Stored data
▼
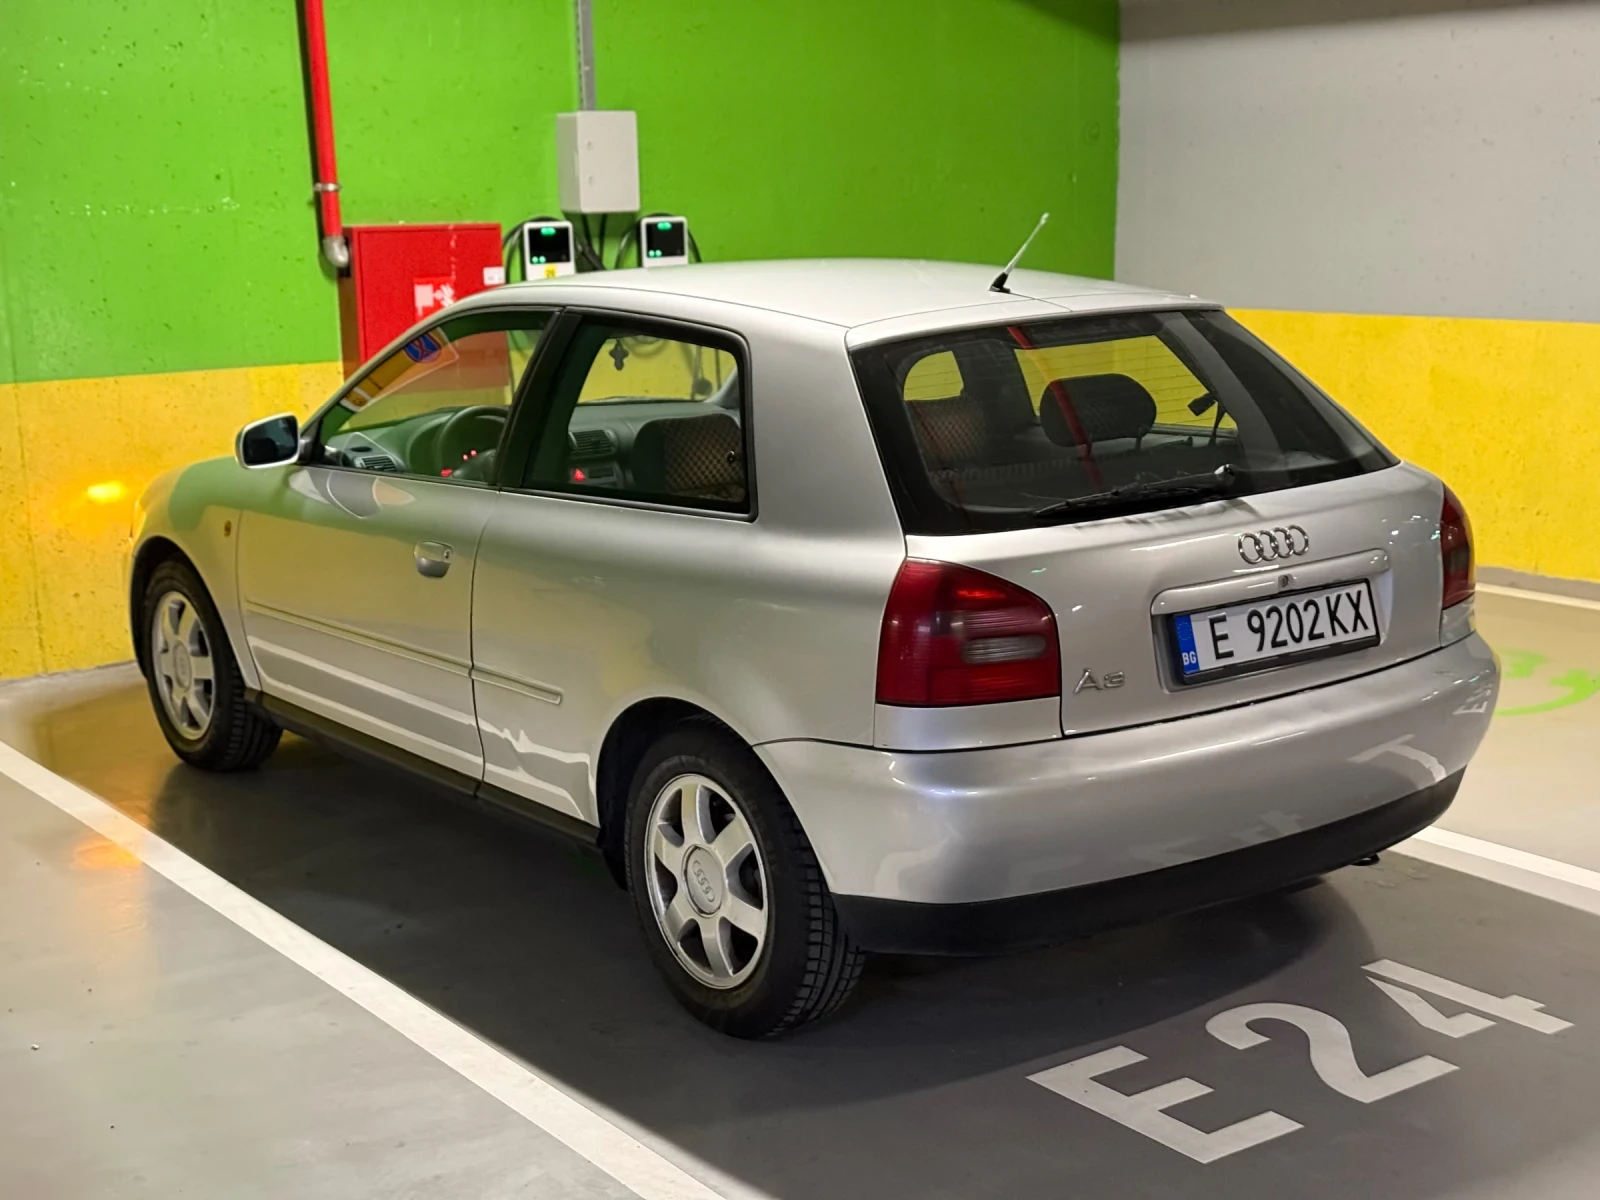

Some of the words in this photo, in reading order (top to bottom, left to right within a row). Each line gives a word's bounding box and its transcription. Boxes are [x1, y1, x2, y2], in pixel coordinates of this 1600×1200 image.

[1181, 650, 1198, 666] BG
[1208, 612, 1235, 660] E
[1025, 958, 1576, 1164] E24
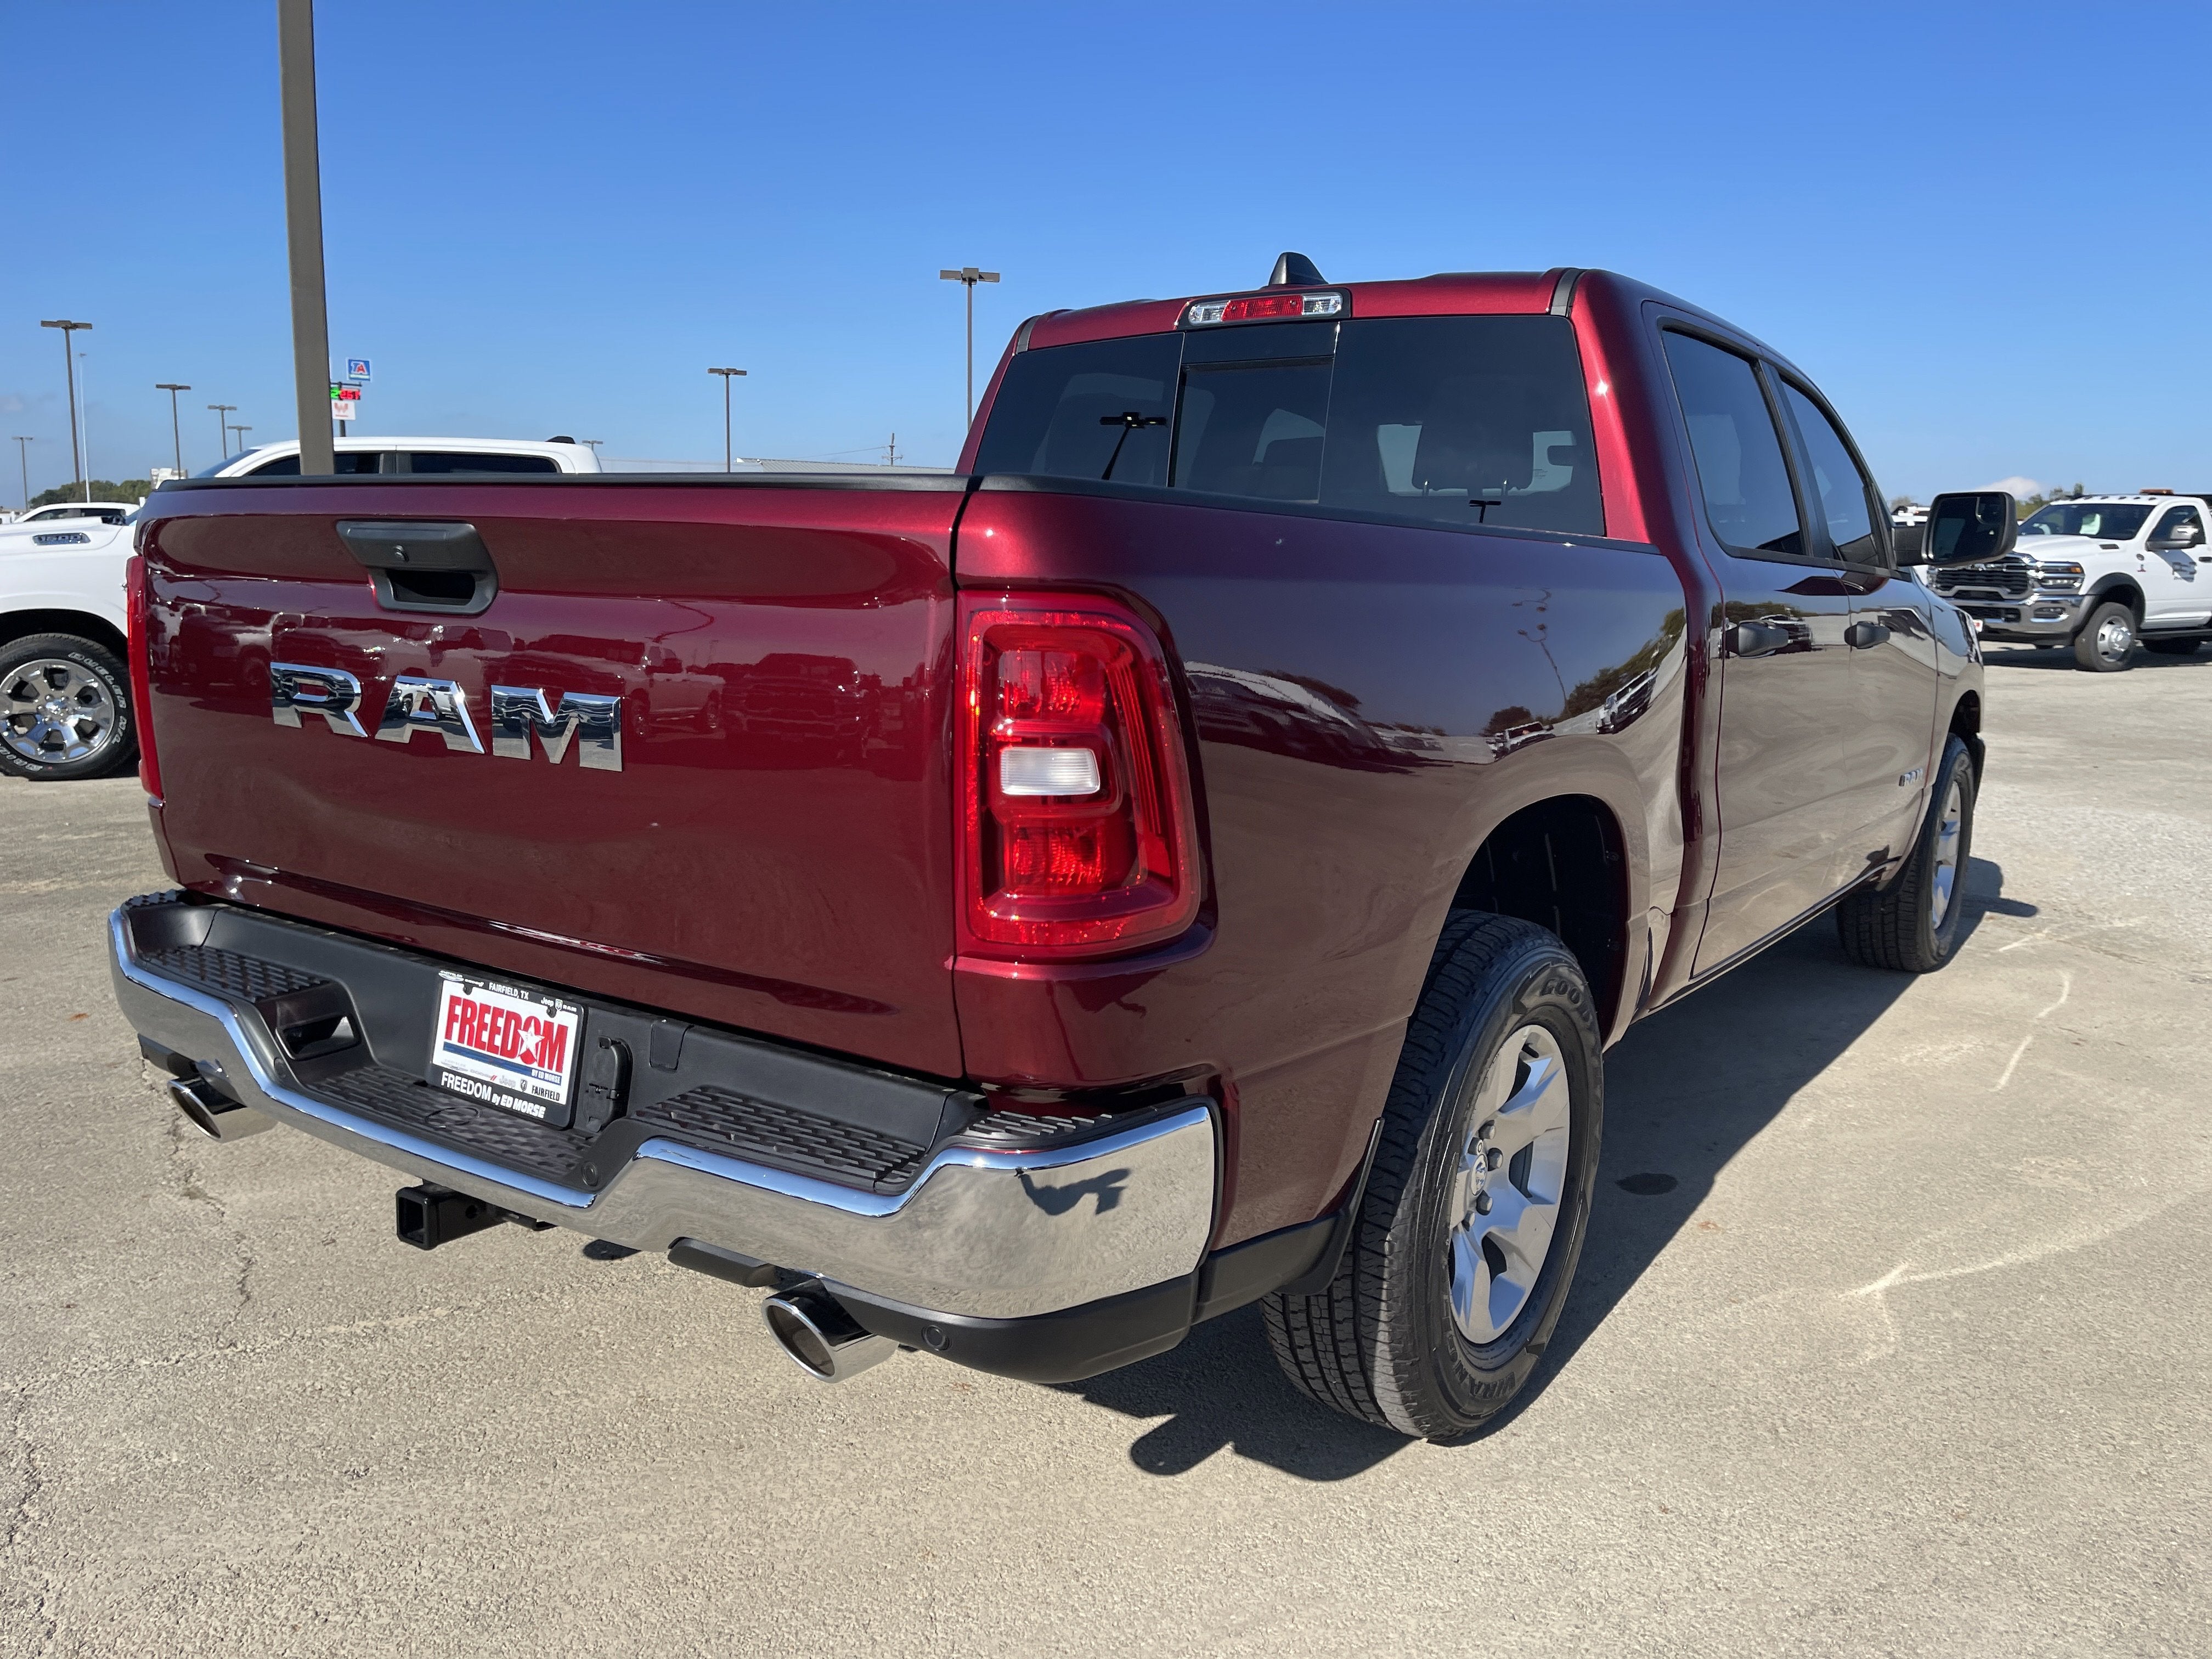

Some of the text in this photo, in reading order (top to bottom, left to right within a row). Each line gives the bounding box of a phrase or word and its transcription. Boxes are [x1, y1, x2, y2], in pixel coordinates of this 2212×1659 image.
▲
Exercise details »
Exactly as they appear above, write out all the entries, without pictures.

Task output »
Some of the words in this photo, in reading order (top to bottom, left to right within a row). Each line gives a word's bounding box and its transcription. Boxes are [x1, y1, x2, y2], in pixel coordinates of this 1600×1200 image.

[1181, 650, 1198, 666] BG
[1208, 612, 1235, 660] E
[1025, 958, 1576, 1164] E24

Some of the text in this photo, in reading order (top to bottom, left to right within a row). Each line gives the bounding box of a phrase or word and its transcription. Boxes are [x1, y1, x2, y2], in pixel coordinates of this 2212×1659 image.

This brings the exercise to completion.